On February 6, 2018, during a session entitled “Reviewing the Policies and Priorities of the Mine Safety and Health Administration,” Assistant Secretary of Labor for Mine Safety and Health David G. Zatezalo testified before the House Committee on Education and the Workforce’s Subcommittee on Workforce Protections.
The oversight hearing was held to review the work and direction of the Mine Safety and Health Administration (MSHA). The last time the subcommittee heard testimony from MSHA was more than two years ago. Chairman Bradley R. Byrne (R-AL), Ranking Member Mark A. Takano (D-CA), and other members of the subcommittee asked questions following opening remarks from Assistant Secretary Zatezalo.
Zatezalo began by praising the ideal of collaboration between the agency and the regulated community, and by encouraging the subcommittee to see safety as he does: as a nonpartisan issue. Mr. Zatezalo informed the subcommittee of his intention to visit all 15 district offices in order to examine and familiarize himself with the agency.
Zatezalo then provided the subcommittee with a review of MSHA statistics from 2017. He reported that in 2017 MSHA fulfilled its enforcement mandate by issuing 105,000 citation/orders in 42,219 inspections. He reported that the industry suffered 28 fatalities, the second-lowest number of fatalities ever recorded. It was only the third year in which fewer than 30 fatalities were recorded.

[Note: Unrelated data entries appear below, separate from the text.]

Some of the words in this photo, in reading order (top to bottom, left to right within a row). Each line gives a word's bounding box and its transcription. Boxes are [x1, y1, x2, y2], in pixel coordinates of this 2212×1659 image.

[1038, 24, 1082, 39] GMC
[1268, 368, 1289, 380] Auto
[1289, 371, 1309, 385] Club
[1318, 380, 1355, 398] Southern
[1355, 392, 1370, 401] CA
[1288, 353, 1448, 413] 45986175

Going forward, Zatezalo reported that the agency plans to focus on improving safety in the area of powered haulage. Forty-three percent of all mine fatalities in 2017 were associated with powered haulage. He also indicated that a key focus of the agency would be to ensure that MSHA inspectors and technical personnel are medically fit for duty. The agency completed 224 medical exams of personnel in response to questions on medical fitness. Zatezalo also emphasized his desire for offering increased compliance assistance to small mines, including providing inspectors to spend additional time with new miners, which he defined as those with less than one year of experience.
He further reported that in 2018 the agency will roll out technological advancements to make inspectors more efficient. Specifically, inspectors will be issued new “rugged tablets” so that they have real-time access to mine data, including mine-specific plans, mine statistics, and other information. He suggested that the tablets will enable inspectors to communicate findings more quickly.

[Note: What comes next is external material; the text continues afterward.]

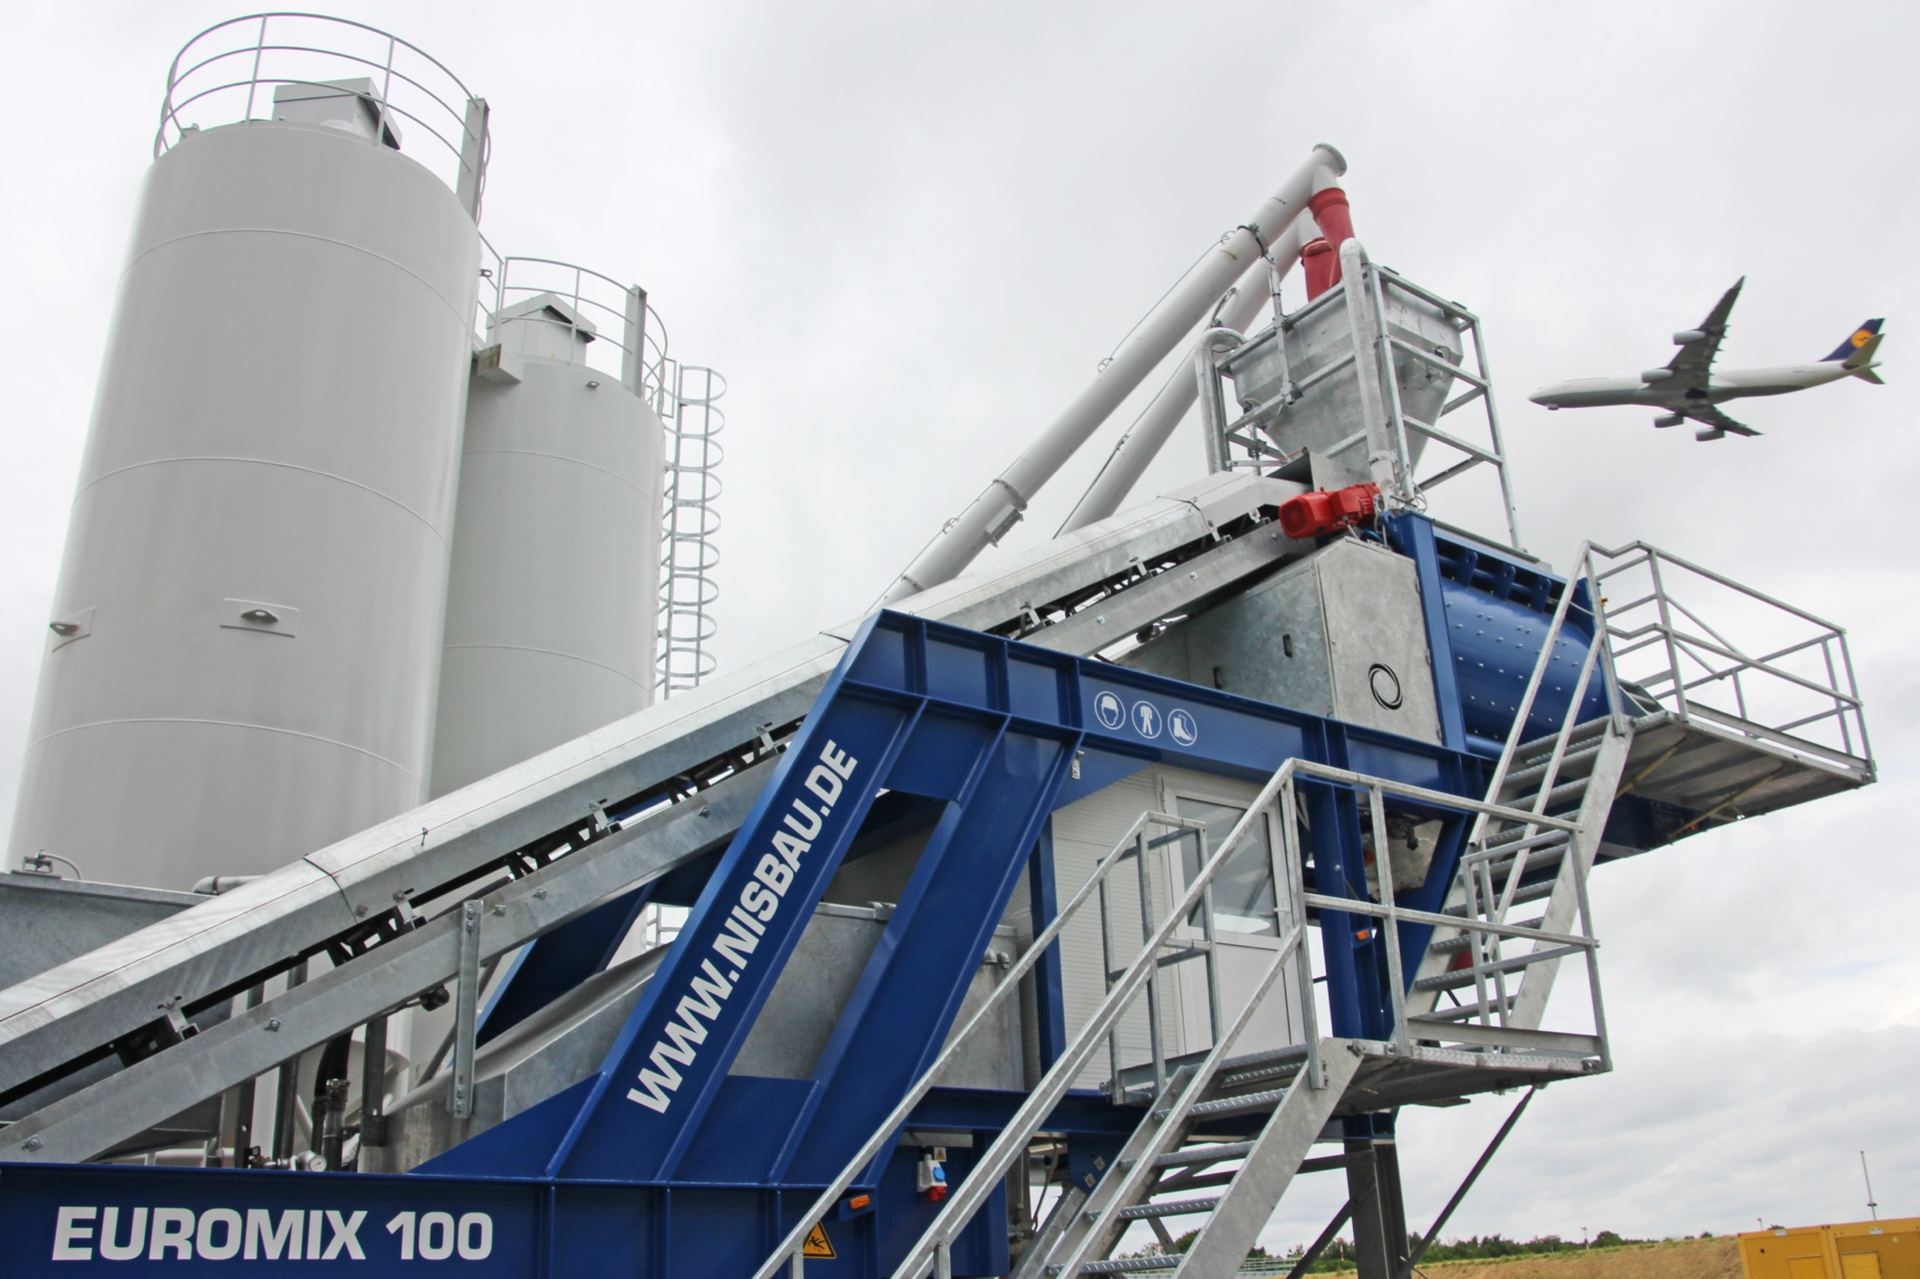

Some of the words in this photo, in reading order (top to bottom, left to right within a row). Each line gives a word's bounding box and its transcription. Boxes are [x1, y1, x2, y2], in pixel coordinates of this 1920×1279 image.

[626, 739, 858, 1114] WWW.NISBAU.DE
[52, 1206, 368, 1261] EUROMIX
[386, 1212, 493, 1260] 100
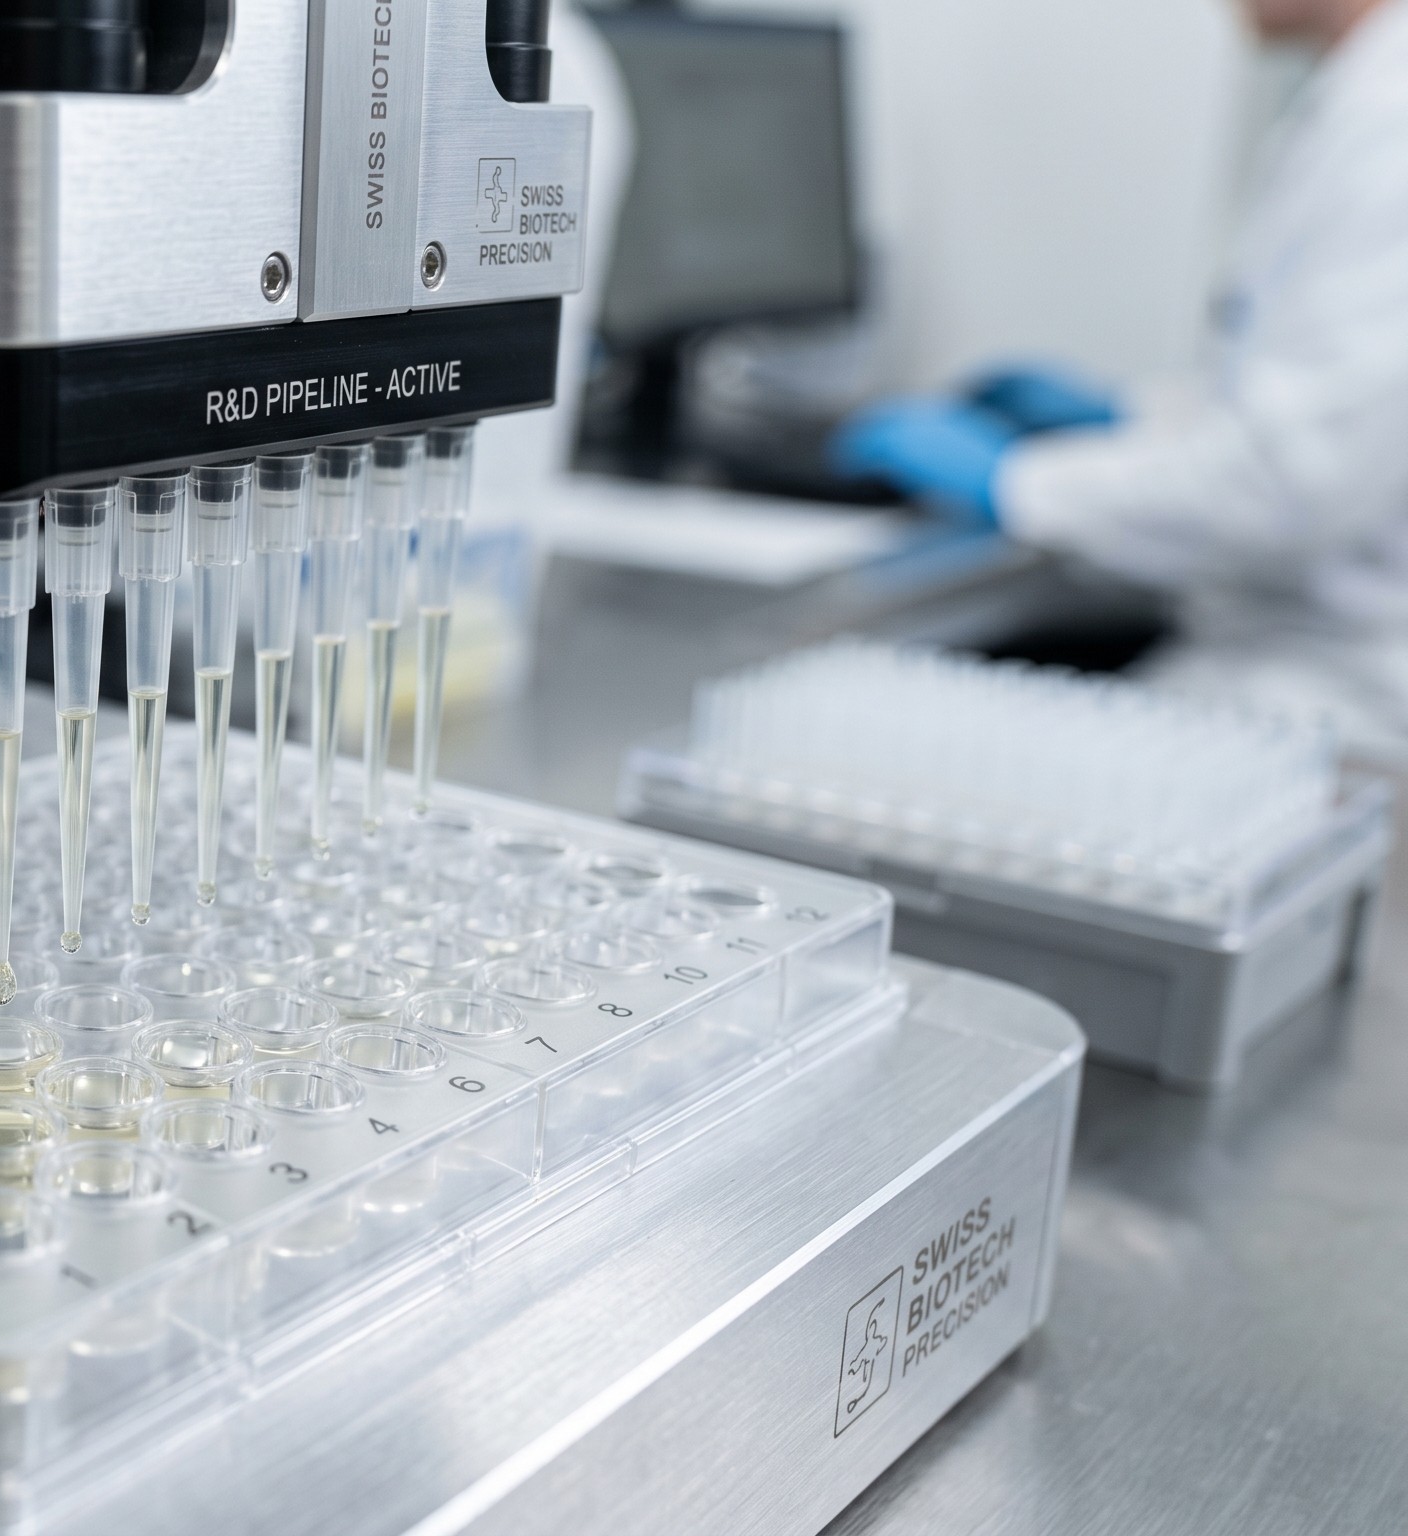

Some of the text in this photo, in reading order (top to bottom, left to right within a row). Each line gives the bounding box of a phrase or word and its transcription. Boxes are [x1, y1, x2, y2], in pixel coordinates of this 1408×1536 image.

Questions from the subcommittee members included concerns regarding enforcement inconsistency throughout districts, agency receptiveness to new technology, agency efforts to reduce black lung disease, and the status of pattern-of-violations (POV) rule enforcement.

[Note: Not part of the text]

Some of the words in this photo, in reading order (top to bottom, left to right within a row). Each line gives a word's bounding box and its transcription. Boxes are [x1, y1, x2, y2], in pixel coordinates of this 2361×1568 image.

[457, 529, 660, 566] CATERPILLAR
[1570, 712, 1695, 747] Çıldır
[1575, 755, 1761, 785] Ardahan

Zatezalo was largely noncommittal on a number of these issues, as he is still learning the agency. Some points of particular interest from his responses included his insistence that the 2014 respirable dust standard would not be abandoned or revised. He declined to state whether he believes POV enforcement is adequate as currently stated in the law, but he did concede that he believed the rule had acted as a deterrent. When asked about crystalline silica rulemaking for MSHA to match the Occupational Safety and Health Administration’s (OSHA) exposure limit of 1.5 milligrams per cubic meter, Zatezalo stated that OSHA and MSHA regulate different communities and that what is suitable for one regulated community may not be suitable for another. Enforcement consistency can be achieved, Zatezalo said, through improved communication with both the National Mine Health and Safety Academy in Beckley, West Virginia, and between MSHA districts. He said that it was “important that there is one MSHA . . . not fifteen.”